EXERCISE MATERIALS:
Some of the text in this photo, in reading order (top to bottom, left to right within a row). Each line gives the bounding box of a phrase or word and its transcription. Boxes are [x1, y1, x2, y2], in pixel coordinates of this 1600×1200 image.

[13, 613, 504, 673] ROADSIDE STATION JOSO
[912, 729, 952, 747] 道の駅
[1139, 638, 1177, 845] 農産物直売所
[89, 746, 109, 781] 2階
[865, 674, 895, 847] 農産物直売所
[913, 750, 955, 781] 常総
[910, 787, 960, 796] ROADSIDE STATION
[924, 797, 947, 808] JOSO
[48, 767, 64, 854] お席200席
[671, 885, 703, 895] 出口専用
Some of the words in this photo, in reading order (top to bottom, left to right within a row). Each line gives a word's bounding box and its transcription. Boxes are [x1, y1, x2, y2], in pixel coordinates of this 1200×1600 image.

---

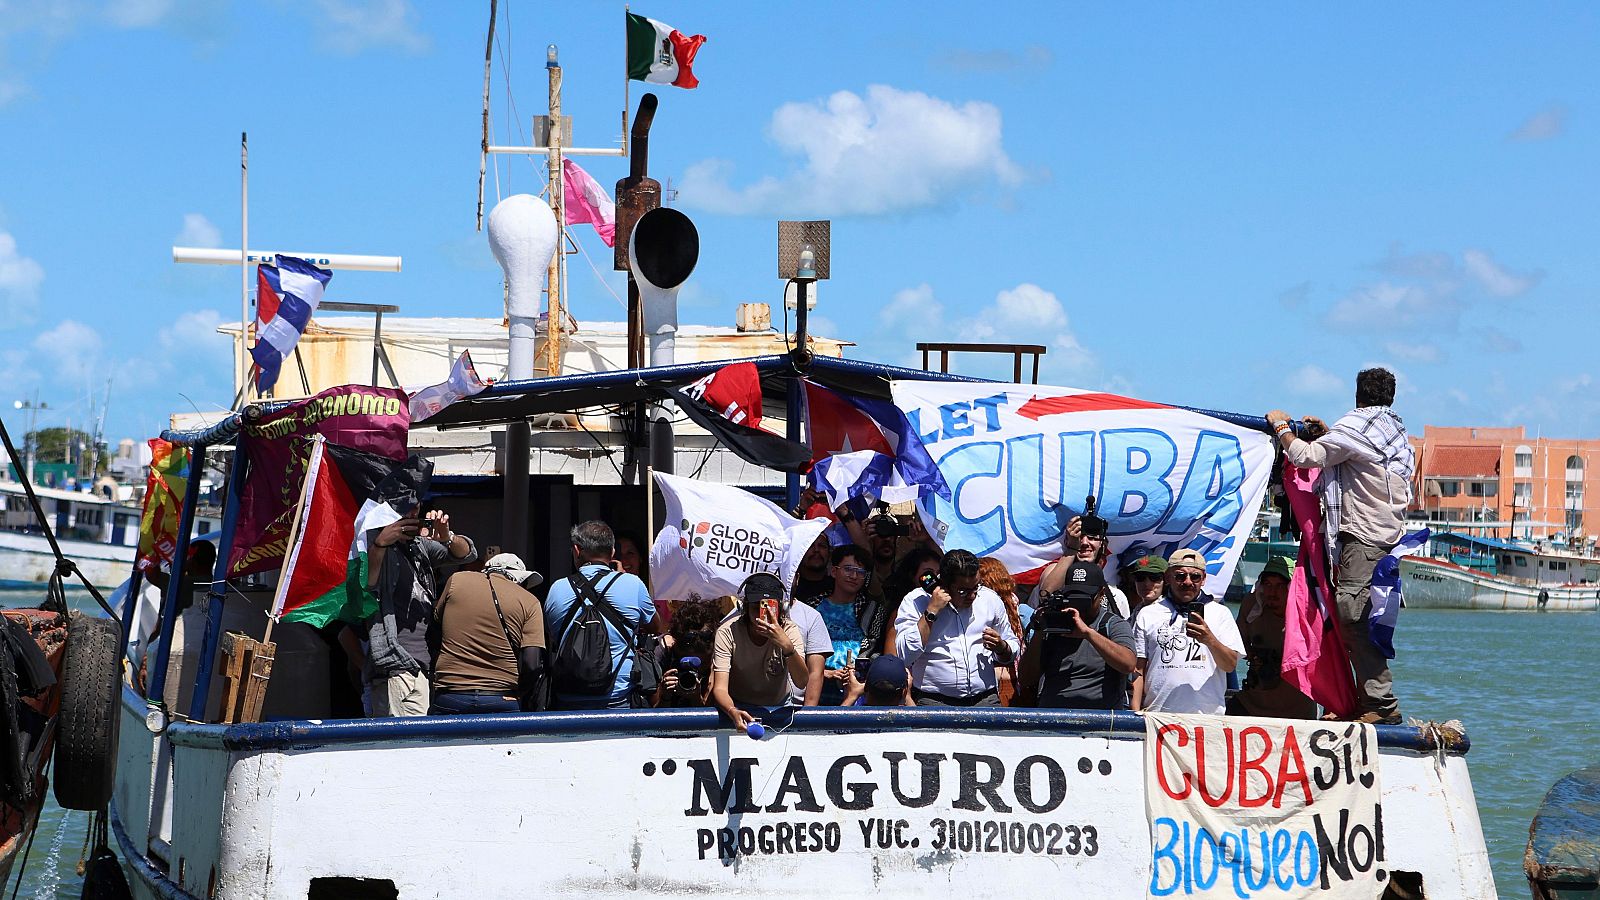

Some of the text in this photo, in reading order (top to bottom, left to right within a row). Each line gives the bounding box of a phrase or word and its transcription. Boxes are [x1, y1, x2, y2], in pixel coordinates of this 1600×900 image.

TASK OBJECTIVE: Please output exactly the lines between the one holding "this 1600×1200 image." and the one holding "Some of the words" in the records above, inclusive, and nothing more.

TASK SOLUTION:
Some of the text in this photo, in reading order (top to bottom, left to right within a row). Each line gives the bounding box of a phrase or word and its transcription. Boxes are [x1, y1, x2, y2], in pixel coordinates of this 1600×1200 image.

[13, 613, 504, 673] ROADSIDE STATION JOSO
[912, 729, 952, 747] 道の駅
[1139, 638, 1177, 845] 農産物直売所
[89, 746, 109, 781] 2階
[865, 674, 895, 847] 農産物直売所
[913, 750, 955, 781] 常総
[910, 787, 960, 796] ROADSIDE STATION
[924, 797, 947, 808] JOSO
[48, 767, 64, 854] お席200席
[671, 885, 703, 895] 出口専用
Some of the words in this photo, in reading order (top to bottom, left to right within a row). Each line gives a word's bounding box and its transcription. Boxes are [x1, y1, x2, y2], in pixel coordinates of this 1200×1600 image.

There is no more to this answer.